ARTIST / BAND: Elizabeth & the Catapult
ALBUM: The Other Side of Zero
FILE UNDER: Folk / Singer Songwriter / Pop
LABEL: Verve Forecast
INFO: “I’d hope there’s humor to both of our albums, but they’re actually quite different from one another,” says Elizabeth Ziman, the singer/songwriter/keyboardist behind Elizabeth & the Catapult. “While Taller Children has the sarcastic lightness of a Woody Allen film, the new record’s more in the vein of Kubrick or Lynch. It’s a bit darker, a bit more tongue-in-cheek—another side to who we are.” The reason for this shift isn’t as simple as a sudden breakup or breakdown. The dissonant strains are lurking between the lines, from the clanging chords and galloping groove of “The Horse and the Missing Cart” to the hopeful but bitter contrasts of “Thank You For Nothing,” a heartbroken ballad that channels the Buddhist teachings of an old Leonard Cohen poem. As it turns out, Elizabeth read Cohen’s Book of Longing collection from cover to cover while working on the Lincoln Center song cycle—performed last spring for a commission from NPR’s John Schaefer—that gave The Other Side of Zero its title and a handful of tracks.
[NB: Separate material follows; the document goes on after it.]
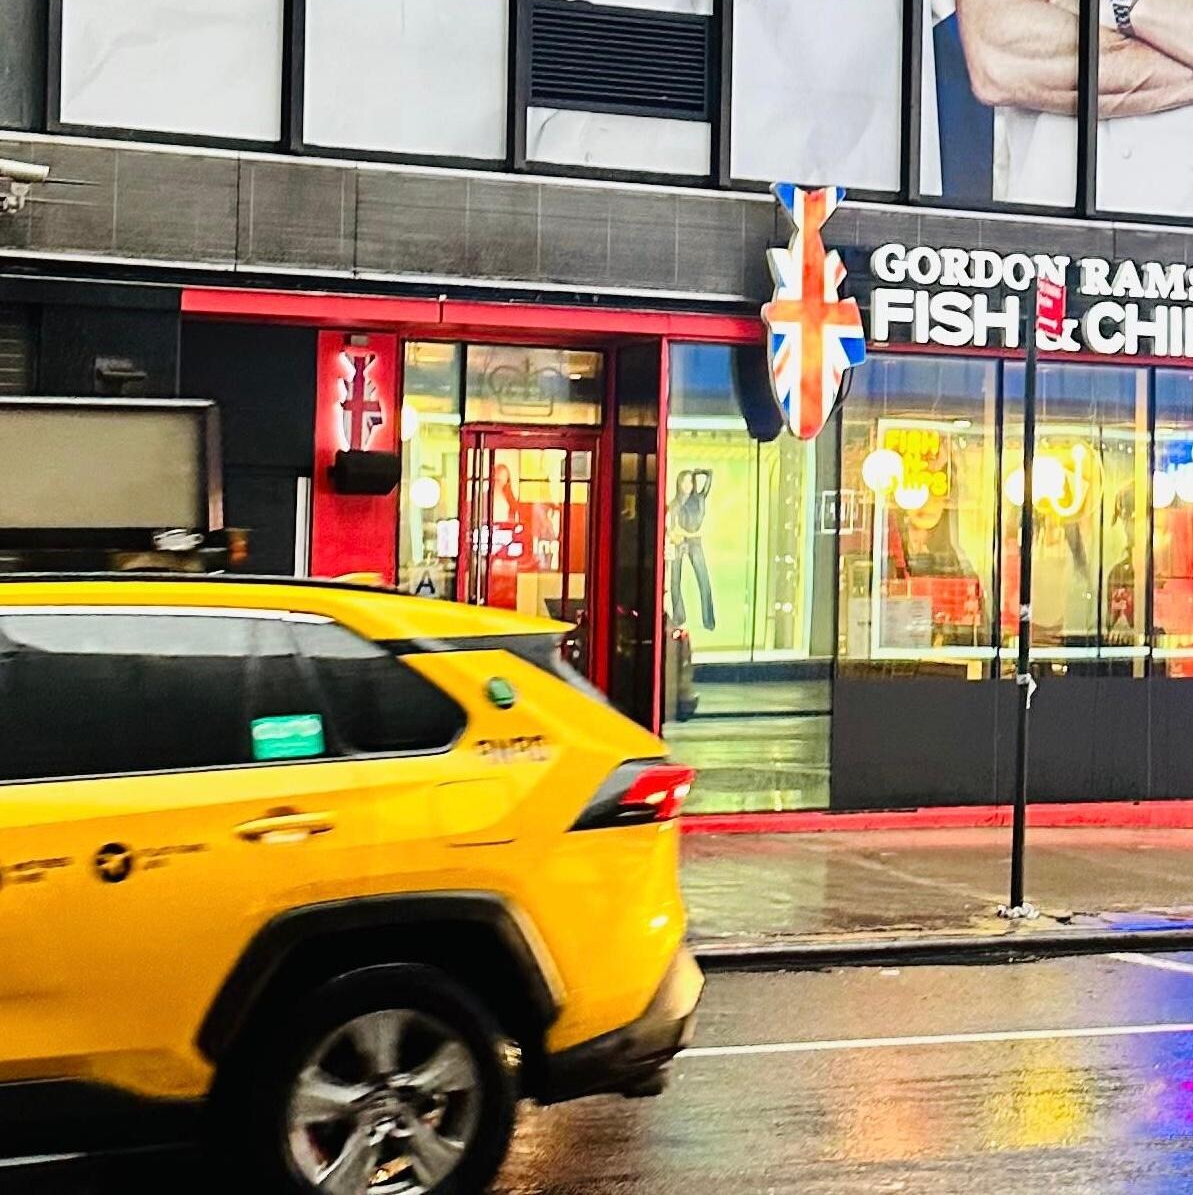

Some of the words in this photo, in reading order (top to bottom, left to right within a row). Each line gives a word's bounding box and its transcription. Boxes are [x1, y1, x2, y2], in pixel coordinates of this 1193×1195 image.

As the pages sunk in, one particular theme stood out: Cohen’s struggle to meet Buddhist goals in a monastery, which Elizabeth felt paralleled her own coming-of-age struggles while living and growing up in New York City. “Once I finished the book,” she says, “I realized that reaching this zen state wasn’t a realistic goal. Not for Leonard, and certainly not for me.